If you [i.e., Creon and the Thebans] do this, you will have Ares as your ally. If the earth takes your fruit for hers, and for her blood the blood of mortals, you will have her favor-she who once put forth the gold-helmeted crop of Sown Men [Spartoi]. Of their descendants one must die, one who is descended from the serpent. This passage shows how the myth of the origin of Thebes determined the development of the city's saga and gave it an inexorable unity. Menoeceus, son of Creon and one of the descendants of the Spartoi, willingly died for the city: "Dying for the city," says the messenger in Euripides' play (Phoenissae 1090-92), "he plunged the black-bound sword through his throat to save this land, upon the top of the city-walls," and so he fell into the serpent's lair. In the ensuing fight only Capaneus succeeded in scaling the wall. As he reached the top, he boasted that not even Zeus could keep him out, and for his blasphemy "Zeus," says Sophocles (Antigone 131-37), "hurled him with brandished fire as he stood upon the parapet eager to raise the victory cry. Down he fell to the hard earth, hurled through the air, as he breathed out rage and madness in his frenzied assault." Eteocles and Polynices killed each other in single combat; Hippomedon, Parthenopaeus, and Tydeus fell in battle. (Tydeus, indeed, could have been made immortal by Athena, whose favorite he was, but she revoked her gift when she saw him eating the brains of the man who had fatally wounded him.) Only Amphiaraus and Adrastus escaped; Adrastus was saved by the speed of his divine horse, Arion, and returned to Argos; Amphiaraus was swallowed up in the earth, with his chariot and driver, as he fled along the banks of the River Ismenus.

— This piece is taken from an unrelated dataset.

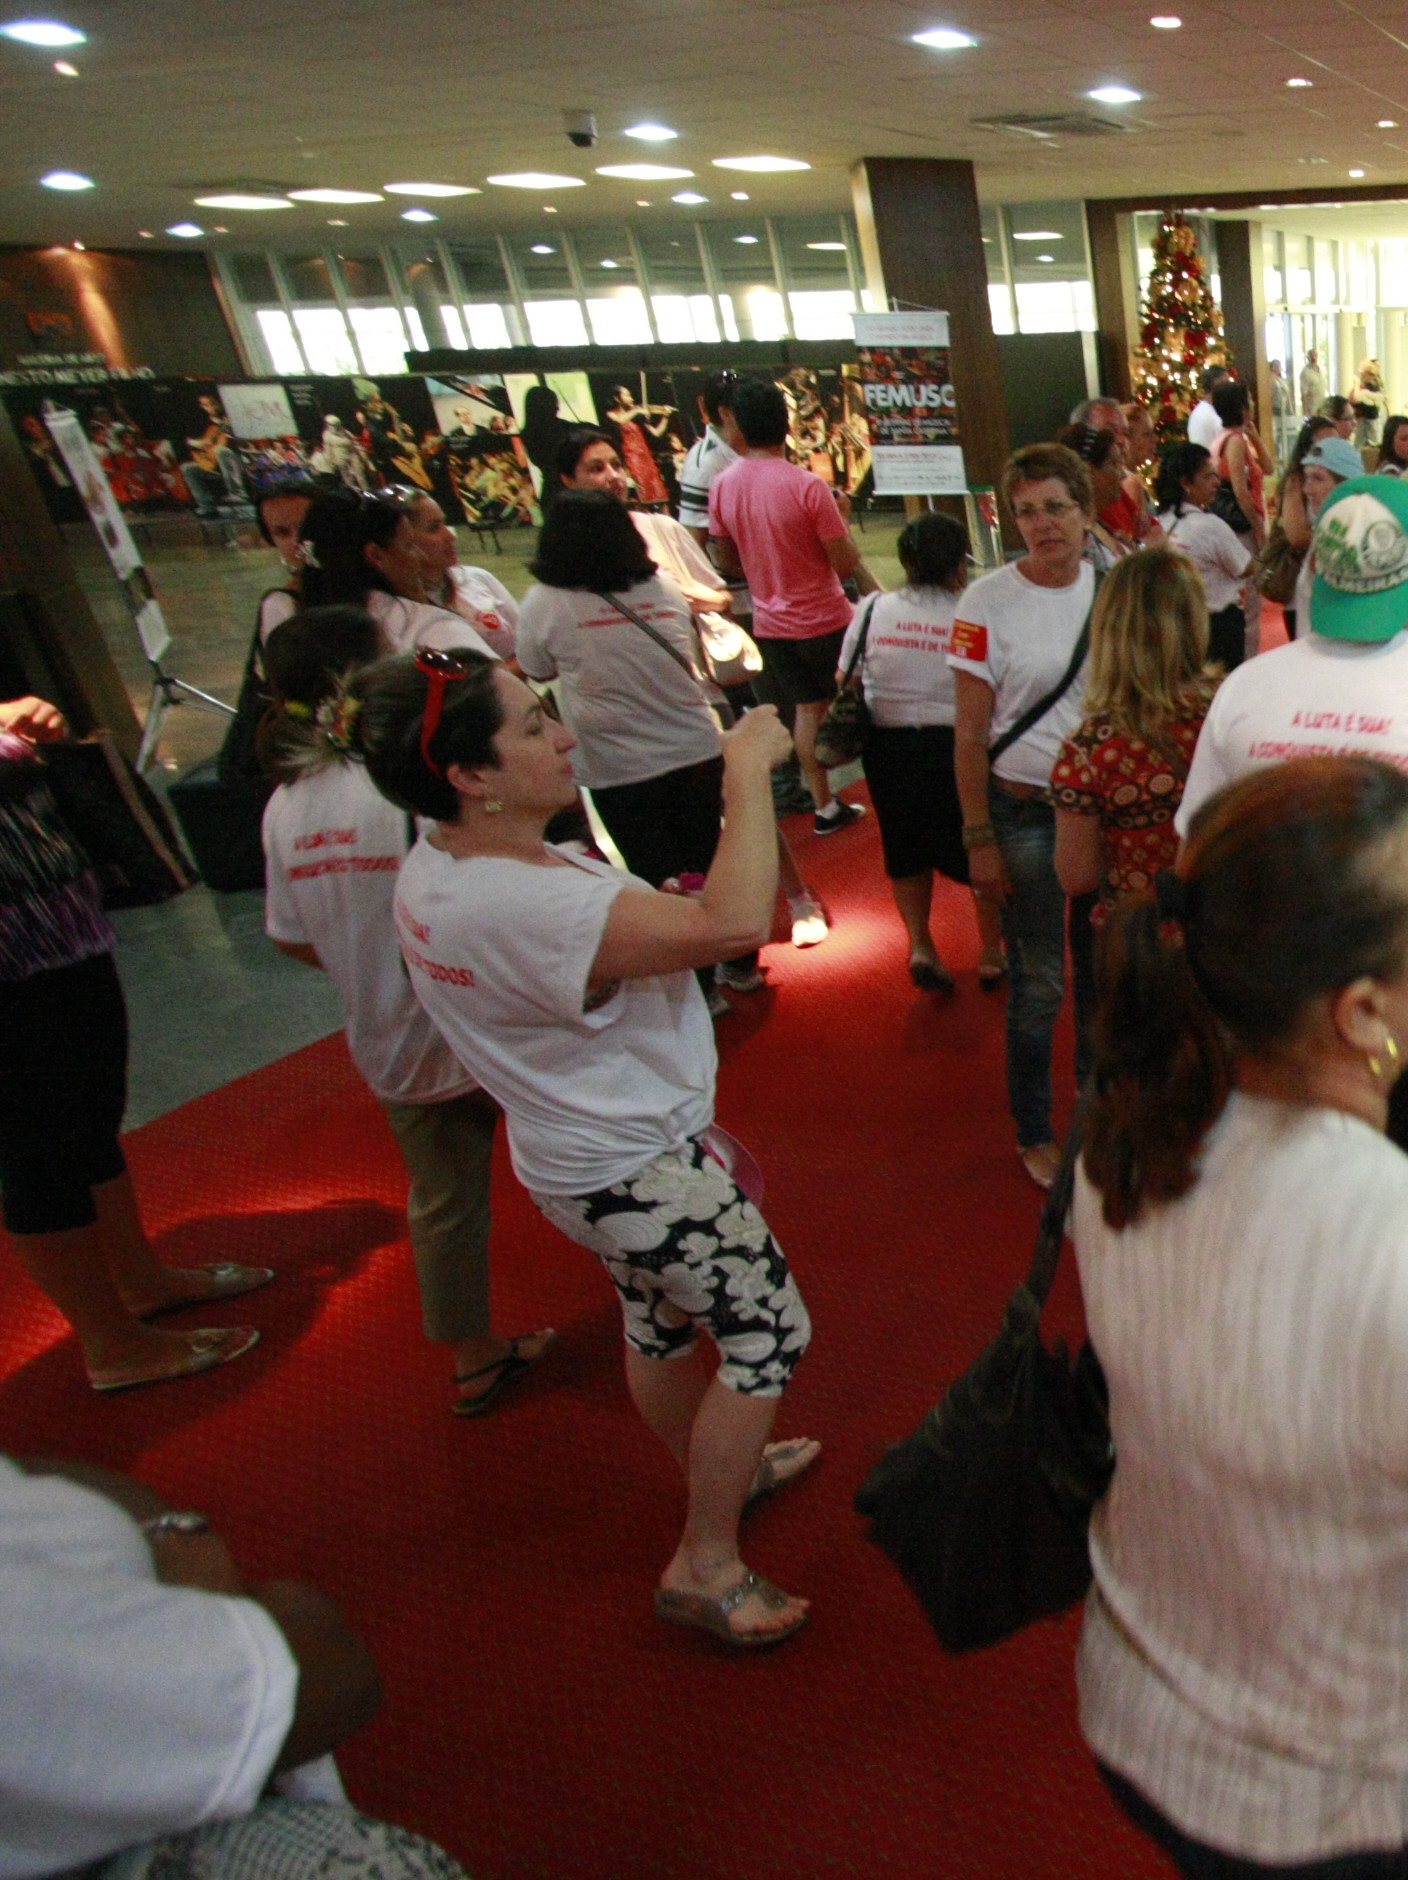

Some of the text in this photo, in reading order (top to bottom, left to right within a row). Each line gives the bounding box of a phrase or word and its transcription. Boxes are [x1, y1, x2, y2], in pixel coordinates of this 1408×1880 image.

[864, 383, 957, 408] FEMUSC
[1292, 710, 1301, 725] A
[1304, 711, 1341, 730] LUTA

The scene is vividly described by Statius (Thebaid 7. 816-20): The earth parted with a deep, steep-sided chasm, and the stars above and the dead below were both struck with fear. The huge abyss swallowed Amphiaraus and enveloped the horses as they began to cross. He did not relax his hold on his arms or the reins: just as he was, he drove the chariot straight into Tartarus. Amphiaraus became the object of a hero cult at the spot, in this resembling Oedipus, who had similarly been "translated" from life. Creon once more was ruler of Thebes, and he gave orders that the Argive dead were not to be buried, including Polynices. Such treatment of the dead offended Greek religious ideas, and Antigone, daughter of Oedipus, could not allow her brother to be left in this way. She therefore gave him a symbolic burial (by throwing three handfuls of dust over his corpse), and was for this condemned by Creon to be buried alive. Again, such an order defied the law of the gods, and Creon was soon punished; his son, Haemon, attempted to save Antigone (to whom he was engaged to be married) and, finding she had hanged herself in her tomb, ran himself through with his sword; Creon's wife, Eurydice, killed herself when she heard the news. Creon himself, warned by Tiresias, relented too late. According to Euripides, however, Adrastus went to Eleusis (in Attica) as a suppliant and persuaded Theseus to attack Thebes and obtain an honorable burial for the dead Argives; as the corpse of Capaneus was burning on its pyre, his widow, Evadne, threw herself into the flames. It will be remembered that Amphiaraus had ordered his sons to attack Thebes and to punish their mother.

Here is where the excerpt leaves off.